WASTE NOT, WANT NOT
Meet the couple behind the no-waste food movement taking over Dubai
E’RE ALL GUILTY OF IT. SITTING DOWN
Win a restaurant and ordering excessively from the menu and ending up leaving large quantities untouched as you force down another mouthful. My mother would say: “Your eyes are bigger than your belly.” Less polite people would call it sheer greed.
But what happens if the waiter or waitress comes back after you’d ordered and asks you to reconsider on account of the potential waste?
That’s exactly what happens at Dubai restaurant Lowe, run by Australian Kate Christou and New Zealander Jesse Blake. The contemporary restaurant showcases seasonal produce cooked naturally by fire, with a strong emphasis on sustainability and, little to no food waste.
Christou says: “We’re evolving so much as the process is going along. We’ve always been very conscious of waste and we don’t do buffets or anything like that, we’re against it.
“Even when it came to training the team, most waiters are told to sell, sell, sell. Whereas I tell them only to sell to the customer what they can eat.
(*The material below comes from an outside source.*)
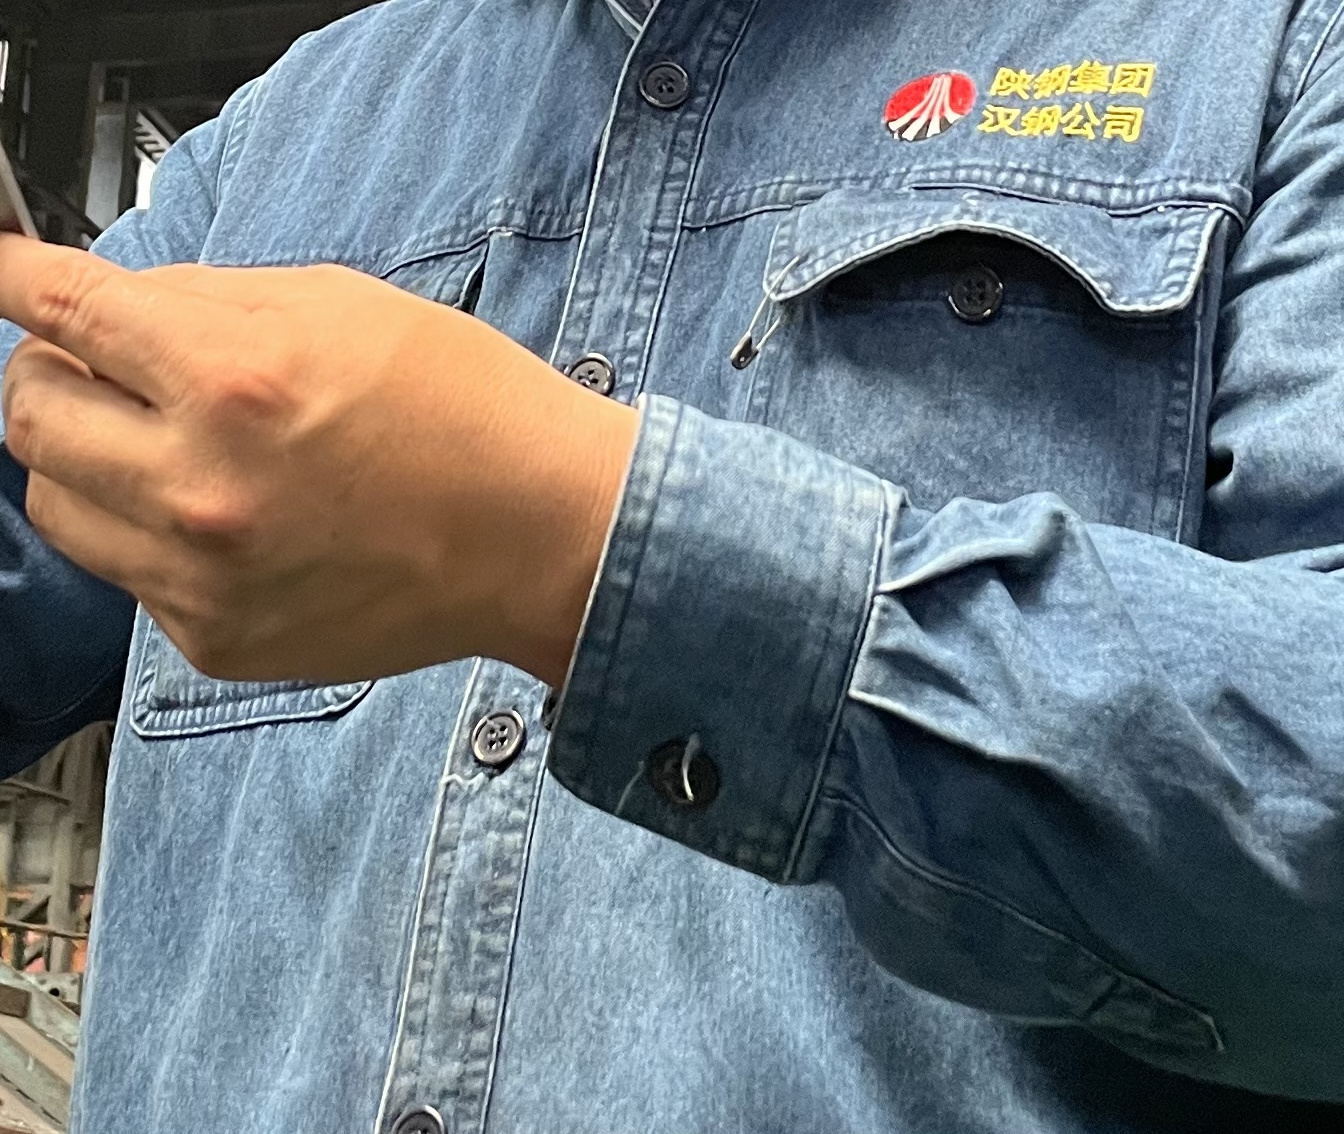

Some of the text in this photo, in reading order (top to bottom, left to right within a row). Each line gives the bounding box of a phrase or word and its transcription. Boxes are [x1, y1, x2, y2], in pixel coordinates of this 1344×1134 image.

[989, 60, 1155, 100] 陕钢集团
[977, 101, 1145, 142] 汉钢公司
So even when the dockets come to the kitchen, if we think it’s too much food, we tell them to go back and talk to the customers and tell them to order less.”
It is estimated that the UAE wastes AED13 billion of food each year, generating between 1.9kg to 2.5kg of waste per person each day – more than double the amount produced in Europe and North America.
Christou and Blake are looking to address that, one meal at a time.
As well as the all-day dining, share-style menu, which combines traditional techniques and unique flavours, the duo have also launched the ‘Waste not’ concept, where all waste is stored and transformed into weird and wonderful dishes as part of a nine-course gastronomic adventure.
Basic ingredients can include all manner of meat and fish bones, fish heads, chicken spines, stale bread and rice crackers ground up to make fresh pasta, and aged cheese, as well as stones from plums, cauliflower stems and potato skins, all turned into delicacies more akin to a five-star restaurant than a rubbish tip.
Blake explains: “As the amount of waste that we have in the restaurant is very low, we need time to save. We have a section in the cool room where the chefs are very aware of the things that are not being used on the menu. It gets put on this section with is essentially a quarter of the cool room, and we process it weekly.
“Things like all the trimmings, all the beef bones, all the fish bones, will get made into stocks so we can reduce them down and use them later.
“By the time the event comes we will have a list of ingredients that we will have on a piece of paper, we’ll look and see that we’ve got fish
stock, we’ve got bones and we’ll start to create a menu from there.”
Dishes include: Pavlova with honey roasted plums and nectarines, blackcurrant watermelon pickle; plum kernel ice cream with candied blackcurrants and toasted oats; rye spaghetti with cheese rind sauce, smoked sausage and wilted roca leaves; and roasted chicken, parsnip, pumpkin and brussel sprouts, mushroom jus.
It’s all a particular labour of love for
Blake, whose talent for foraging for food was harvested from a very young age.
He says: “My background definitely plays a huge part in the ‘waste not’. My family didn’t have a lot of money, didn’t have a lot of food. Food wasn’t scarce but we were able to use everything. We would go to the beach to fish, make fish head soup which is quite common in New Zealand, which my mum would constantly make. We did bone broths, so I think that background has played a big part in what we do for the ‘waste not’ dinners.”
The ‘waste not’ concept has also been introduced into the main restaurant.
“Originally it was separate. It was a totally off-topic concept. It was just a thing that we did once a month,” says Blake.
“Usually a spin off from our normal events, would come a ‘waste not’ event, so we would obviously have the potential to utilise anything that’s left over.
“But now we’re finding that it’s not necessary to throw half the stuff we were throwing away, a lot of those dishes or some of the components of those dishes are being used in the main restaurant.”
Next on the menu for Christou and
Blake is to make the popular restaurant 100 percent zero waste.
He says: “We still have plans to open a kitchen garden, which is very common in Australia. Every refined kitchen will have kind of kitchen garden outside or down the road. That is one way we thought we could really utilise the waste in the kitchen garden because you’ve got turnip tops which don’t typically get used, carrot tops, leaves from cabbages. We thought that would be a great concept for the future when it comes, but them we realised we had so much waste already so we started the concept.
“Eventually when we’re able to turn 100 percent of our waste into compost, that’s when we can label ourselves as a 100 percent zero waste restaurant. That’s the plan, but we need the garden as the next step.”